(Spatial localization data)
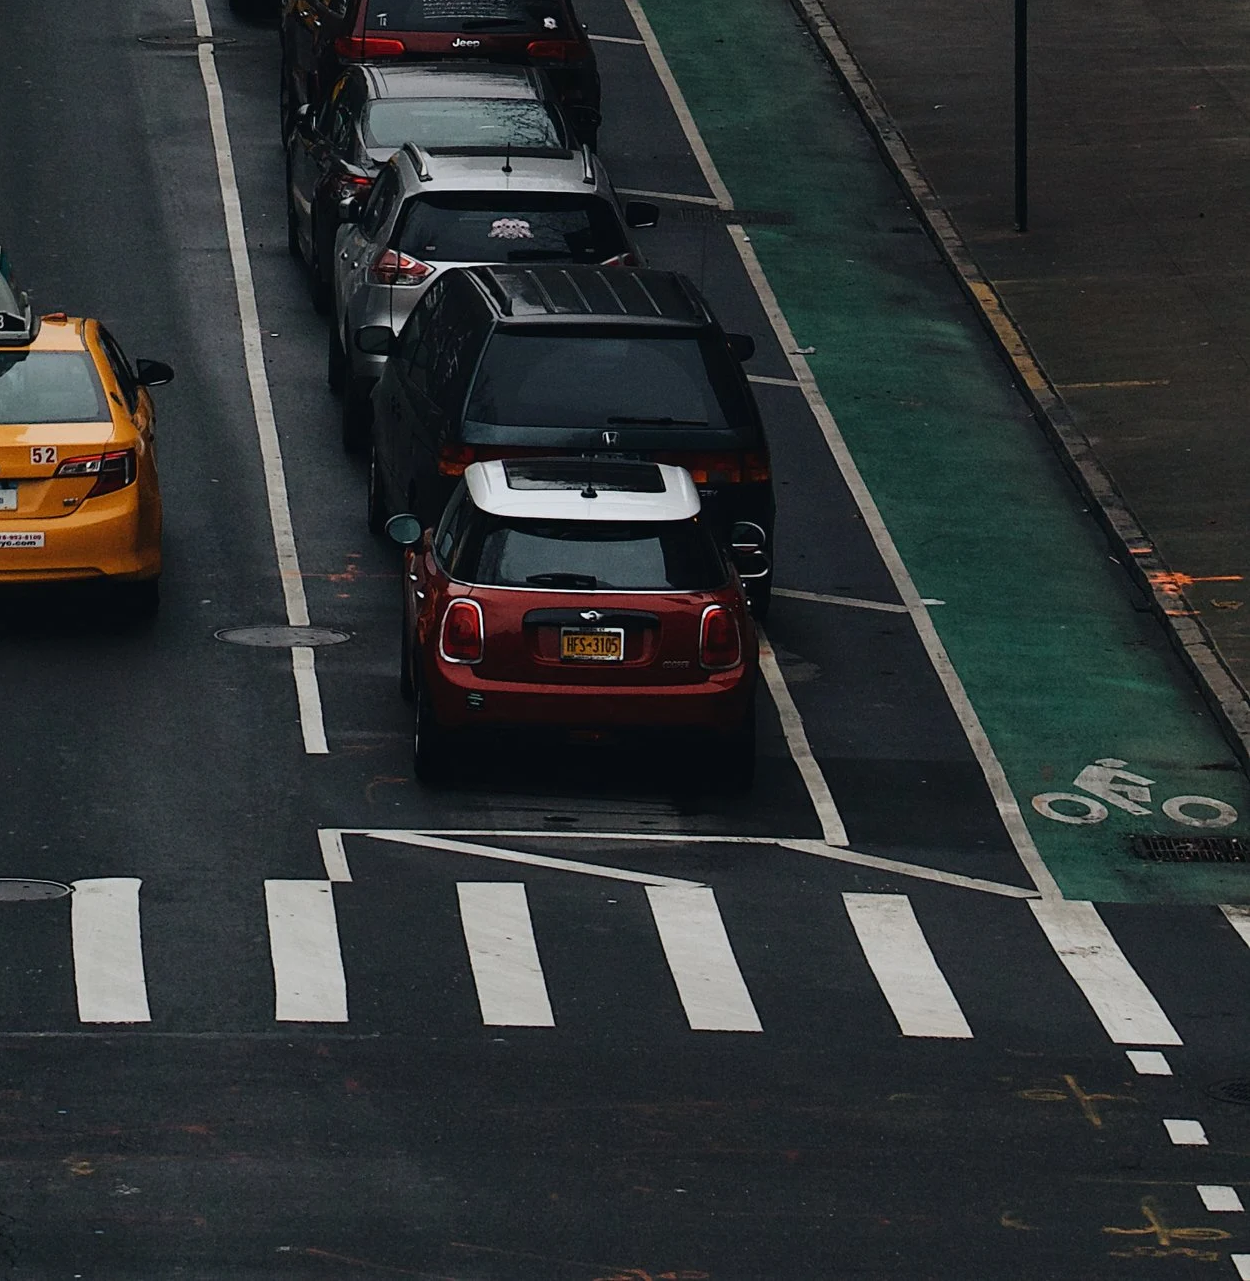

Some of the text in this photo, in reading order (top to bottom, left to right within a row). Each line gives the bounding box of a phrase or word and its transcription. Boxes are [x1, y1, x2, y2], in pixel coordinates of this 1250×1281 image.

[452, 38, 480, 49] Jeep
[33, 447, 55, 463] 52
[593, 637, 618, 653] 3105
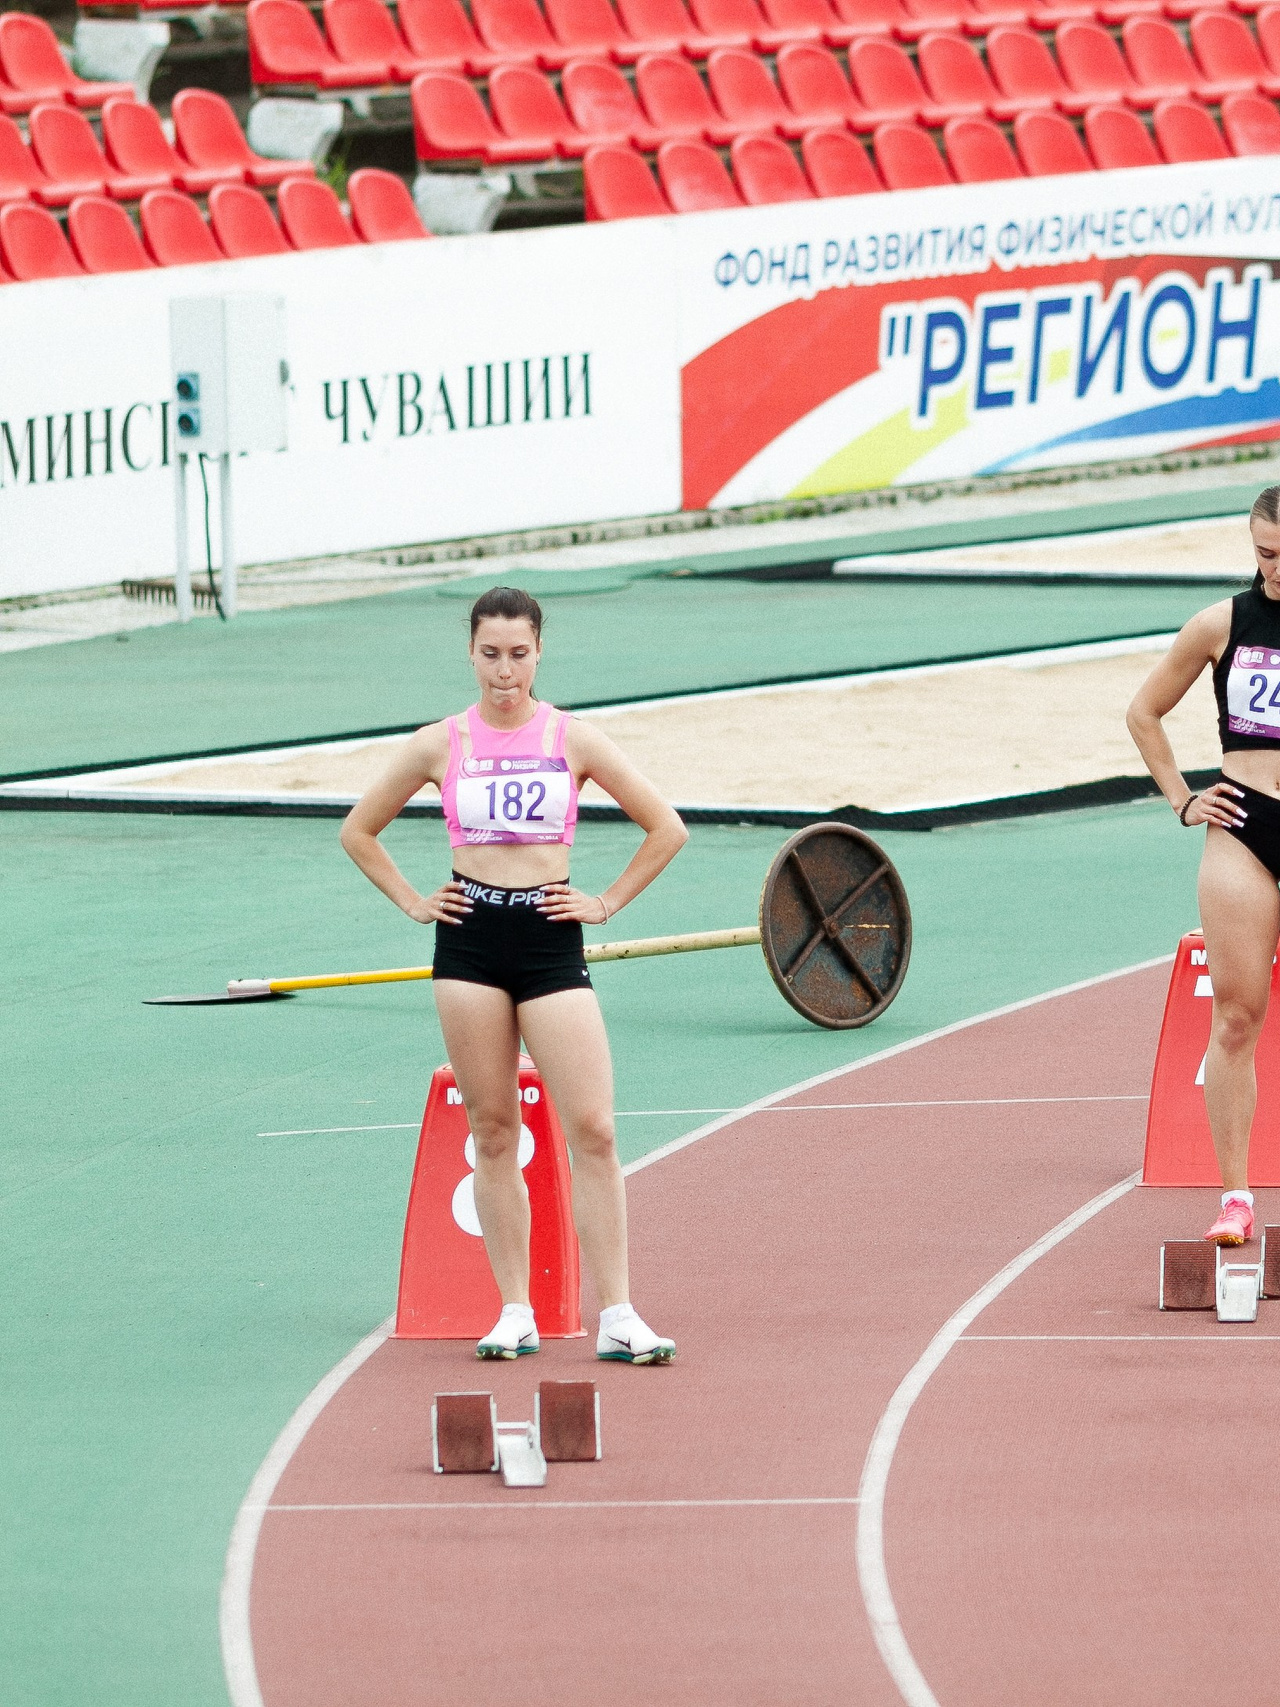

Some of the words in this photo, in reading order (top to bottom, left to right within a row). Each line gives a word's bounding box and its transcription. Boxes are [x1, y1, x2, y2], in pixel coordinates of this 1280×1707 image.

[713, 242, 812, 289] ФОНД
[822, 223, 986, 276] РАЗВИТИЯ
[997, 190, 1214, 257] ФИЗИЧЕСКОЙ
[886, 276, 1262, 418] "РЕГИОН
[322, 352, 593, 444] ЧУВАШИИ
[485, 781, 546, 821] 182
[508, 889, 546, 906] PR

*WHAT TO PRODUCE*
None of the pictures belongs in the answer, but all the entries must be repeated exactly.

*SOLUTION FOR THIS PROBLEM*
Some of the text in this photo, in reading order (top to bottom, left to right within a row). Each line gives the bounding box of a phrase or word and its transcription. Boxes are [x1, y1, x2, y2], in pixel coordinates of this 1250×1281 image.

[452, 38, 480, 49] Jeep
[33, 447, 55, 463] 52
[593, 637, 618, 653] 3105

Some of the words in this photo, in reading order (top to bottom, left to right within a row). Each line gives a word's bounding box and its transcription. Boxes are [x1, y1, x2, y2], in pixel coordinates of this 1280×1707 image.

[713, 242, 812, 289] ФОНД
[822, 223, 986, 276] РАЗВИТИЯ
[997, 190, 1214, 257] ФИЗИЧЕСКОЙ
[886, 276, 1262, 418] "РЕГИОН
[322, 352, 593, 444] ЧУВАШИИ
[485, 781, 546, 821] 182
[508, 889, 546, 906] PR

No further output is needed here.